Immediately following breakfast, still trying to swallow the tablet, it’s time to launch into the consultant ward round, to answer questions that have plagued us since the previous one. Questions such as, “Why did I leave a prosperous job for this?” and “How many Frequent Flyer points will I earn on my way home?”, feature heavily in the minds of our great consultants while reviewing the plight of our ward patients.

Despite these ponderances, they nevertheless still have the energy to save the lives of just so many patients here, their obvious dedication to the maintenance of humanity featuring highly in their minds.

Every day this grand ritual of doctors and nurses moving from patient to patient offers each one at least some hope in the preservation of life, and ultimately the returning of dignity to a devastated population. It is a spectacle to be admired and instils a sense of self pride in me that will be etched in my mind forever.

In contrast to the UN patients who are medevaced out of the country if we cannot give them optimal treatment, what we provide for the Rwandans is the best that they are going to receive; there is no next level. After us, they are left in the hands of God.

For most of our UN patients, our entourage is almost like a morning parade as each patient – due to their military discipline – comes to some form of attention. This is often not without its impracticalities: as a salute is given, a drip pulls out; as a stand to attention is made, a patient falls over forgetting about his recently amputated limb.

Following grand rounds, routine procedural and investigative duties become the order of the day, unless theatre lists are scheduled, which has become a virtual daily occurrence. The operating theatre has been restored to a remarkable level of function with theatre equipment imported from Australia.

Alongside the AUSMED operating theatre, a second theatre is available, which is used by the ophthalmologist from CHK. Imagine the surgeon operating without gloves, but still sterile gowned. Such is medicine in a Third World country.

The theatre lists consist of a large variety of cases, ranging from those relating to war medicine (amputations, wound debridements, etc), to those seen in most hospitals, and those specific only to Third World countries, due either to gross disease often presenting too late, or corrections of the consequences of the genocide. Sometimes the injuries have been just so horrific and devastating that they defy survival.
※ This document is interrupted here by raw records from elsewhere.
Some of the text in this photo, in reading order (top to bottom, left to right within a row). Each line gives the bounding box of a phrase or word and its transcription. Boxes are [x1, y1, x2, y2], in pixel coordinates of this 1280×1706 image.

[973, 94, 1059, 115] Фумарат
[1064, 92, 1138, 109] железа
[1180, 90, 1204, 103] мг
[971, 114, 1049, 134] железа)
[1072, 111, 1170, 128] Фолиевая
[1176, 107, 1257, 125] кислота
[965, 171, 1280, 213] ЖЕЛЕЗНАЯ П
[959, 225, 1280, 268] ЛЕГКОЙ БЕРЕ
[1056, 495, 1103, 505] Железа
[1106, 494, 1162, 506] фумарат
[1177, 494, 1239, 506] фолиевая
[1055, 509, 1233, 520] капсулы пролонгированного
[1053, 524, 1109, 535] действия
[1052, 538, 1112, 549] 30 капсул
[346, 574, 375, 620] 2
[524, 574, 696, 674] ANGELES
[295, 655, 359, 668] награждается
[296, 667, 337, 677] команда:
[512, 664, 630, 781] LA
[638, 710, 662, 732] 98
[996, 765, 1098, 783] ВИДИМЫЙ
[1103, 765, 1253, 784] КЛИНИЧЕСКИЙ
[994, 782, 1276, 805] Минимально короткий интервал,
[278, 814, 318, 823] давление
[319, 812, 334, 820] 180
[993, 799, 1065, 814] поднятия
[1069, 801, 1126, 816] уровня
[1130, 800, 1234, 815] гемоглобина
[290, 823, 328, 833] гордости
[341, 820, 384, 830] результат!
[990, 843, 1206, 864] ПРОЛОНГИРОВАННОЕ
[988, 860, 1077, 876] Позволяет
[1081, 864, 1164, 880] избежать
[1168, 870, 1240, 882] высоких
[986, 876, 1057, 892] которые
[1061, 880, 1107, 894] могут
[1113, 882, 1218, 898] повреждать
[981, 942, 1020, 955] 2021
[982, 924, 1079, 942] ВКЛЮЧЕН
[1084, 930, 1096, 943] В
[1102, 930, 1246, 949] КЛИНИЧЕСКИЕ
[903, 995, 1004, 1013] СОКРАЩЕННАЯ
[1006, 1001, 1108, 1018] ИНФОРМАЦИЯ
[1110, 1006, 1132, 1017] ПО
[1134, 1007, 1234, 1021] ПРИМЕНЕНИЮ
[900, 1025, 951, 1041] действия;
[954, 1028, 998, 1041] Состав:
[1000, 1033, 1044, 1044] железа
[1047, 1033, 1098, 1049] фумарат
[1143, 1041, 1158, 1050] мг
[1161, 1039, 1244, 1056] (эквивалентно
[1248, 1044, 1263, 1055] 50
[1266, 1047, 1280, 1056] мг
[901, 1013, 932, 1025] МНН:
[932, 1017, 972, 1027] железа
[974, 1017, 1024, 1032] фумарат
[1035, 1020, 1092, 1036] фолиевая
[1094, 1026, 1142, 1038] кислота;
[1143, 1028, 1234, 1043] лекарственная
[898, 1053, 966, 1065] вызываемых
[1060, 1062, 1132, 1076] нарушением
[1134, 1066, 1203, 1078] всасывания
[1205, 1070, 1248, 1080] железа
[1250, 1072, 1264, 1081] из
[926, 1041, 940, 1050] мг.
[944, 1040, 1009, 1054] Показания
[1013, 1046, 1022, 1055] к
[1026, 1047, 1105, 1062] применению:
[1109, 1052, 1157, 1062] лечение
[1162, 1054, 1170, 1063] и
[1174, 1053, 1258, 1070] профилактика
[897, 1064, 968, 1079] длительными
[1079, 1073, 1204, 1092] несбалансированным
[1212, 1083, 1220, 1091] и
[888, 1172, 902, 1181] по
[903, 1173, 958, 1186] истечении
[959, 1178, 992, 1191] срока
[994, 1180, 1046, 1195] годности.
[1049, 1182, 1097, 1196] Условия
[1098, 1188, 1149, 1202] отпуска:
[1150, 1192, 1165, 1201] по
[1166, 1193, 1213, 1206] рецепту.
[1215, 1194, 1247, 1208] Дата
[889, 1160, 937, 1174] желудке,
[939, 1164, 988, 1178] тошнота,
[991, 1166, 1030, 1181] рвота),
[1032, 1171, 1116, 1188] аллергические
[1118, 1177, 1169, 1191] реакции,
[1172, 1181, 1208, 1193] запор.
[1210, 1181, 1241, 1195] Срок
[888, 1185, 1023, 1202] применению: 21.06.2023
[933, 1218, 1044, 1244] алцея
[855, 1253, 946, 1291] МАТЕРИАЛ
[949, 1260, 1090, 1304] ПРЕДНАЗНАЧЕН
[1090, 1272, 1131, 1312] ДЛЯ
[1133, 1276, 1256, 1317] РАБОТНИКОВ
Many of the patients have managed to survive in the bush hiding with these wounds, often self treating with local remedies such as laying dirt over wounds to stop them bleeding, and voodoo-type witchdoctor treatments involving the laying of tiny scars strategically across their abdomens; likened to a form of acupuncture. On average, alternate days we receive a patient who needs immediate resuscitation.

The commonest condition we see in these circumstances would be car vs human; currently the cars are winning by an alarming margin.

After work, entertainment presents itself in the form of writing letters, sleeping, jogging around our cell block, sleeping, drinking at the mess, sleeping, or working at the hospital as the on-call sleeping slave. Thank God the Australian sense of humour flows freely. Laughter is the best medicine; for without it we all get sick.

FLTLT Dohnalek has since discharged from the Air Force.